Un décret du 2 juillet 1874, rendu encore sur l'avis conforme du conseil d'État (Bull. off. 1874, p. 549), a annulé une délibération du conseil général du Gard, pour violation de cette règle « qu'aucune disposition légale n'autorise ni le conseil gé«néral ni la commission départementale à entrer en relations << avec les municipalités, ni à se concerter avec elles >>.

De nombreux décrets ont annulé des délibérations de conseils généraux pour avoir statué sur des affaires de leur compétence, sans qu'elles aient été préalablement instruites par le préfet. En effet l'article 3 de la loi du 10 août 1871 charge le préfet de l'instruction préalable des affaires intéressant le département (D. 2 janvier 1875 annulant une délibération du conseil général du Cantal en matière de foires et marchés; D. 16 janvier 1875, Isère, en matière de concession de chemins de fer d'intérêt local; Bull. off. 1875, pp. 121 à 125).
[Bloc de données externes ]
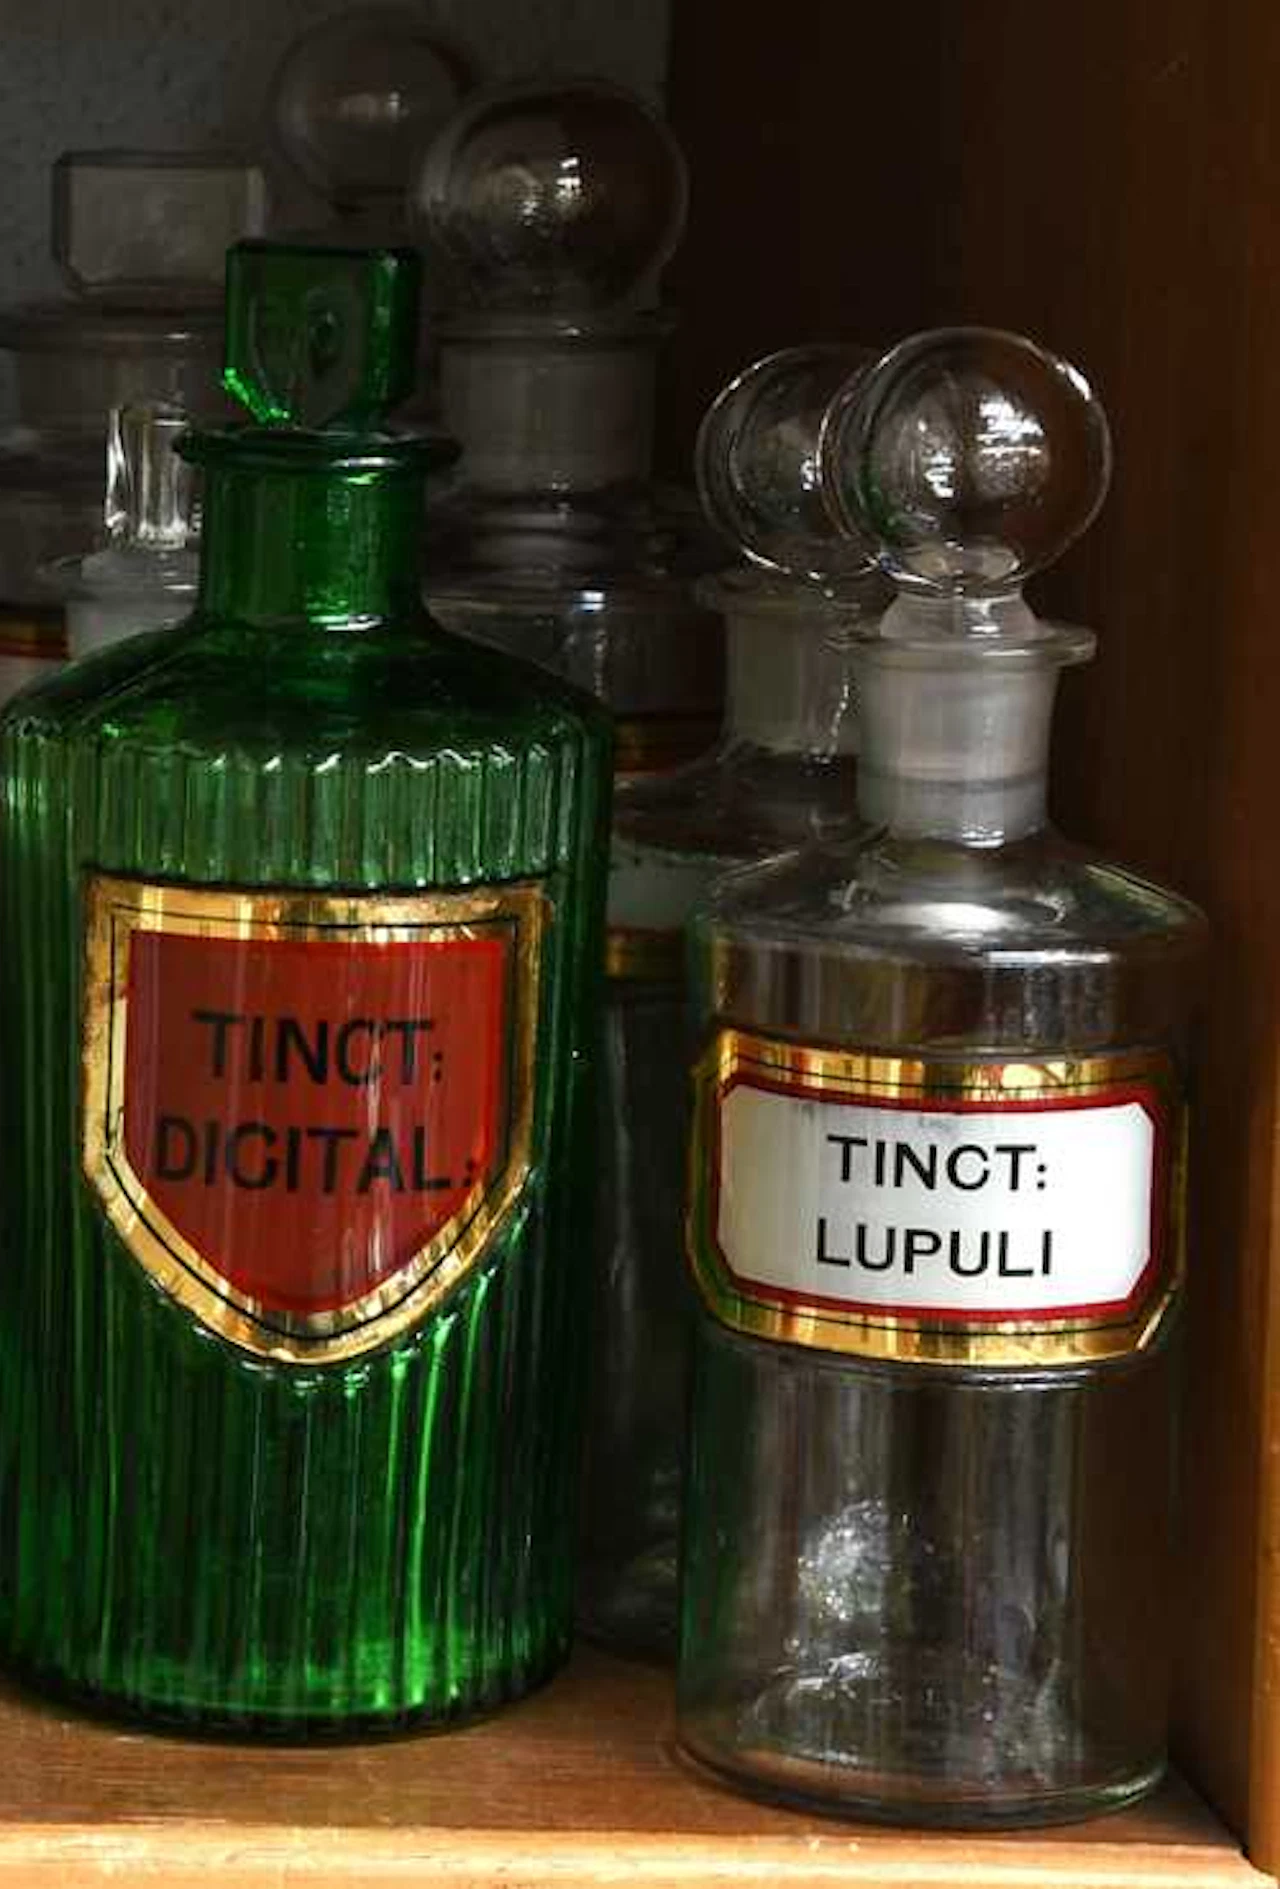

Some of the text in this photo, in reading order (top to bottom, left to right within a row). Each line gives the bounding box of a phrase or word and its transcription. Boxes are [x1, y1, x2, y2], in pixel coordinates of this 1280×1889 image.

D'autres ont été annulées comme contraires à la mission confiée au préfet d'assurer l'exécution des décisions (D. 8 janvier 1875, annulant une délibération du conseil général des Vosges revendiquant pour son bureau le droit exclusif de surveiller l'impression du volume de ses délibérations en détenant, jusqu'à ce que l'impression soit terminée, les minutes des procès-verbaux de ses séances, contrairement à l'article 7 de la loi du 28 pluviose de l'an VIII; Bull. off. 1875, p. 118).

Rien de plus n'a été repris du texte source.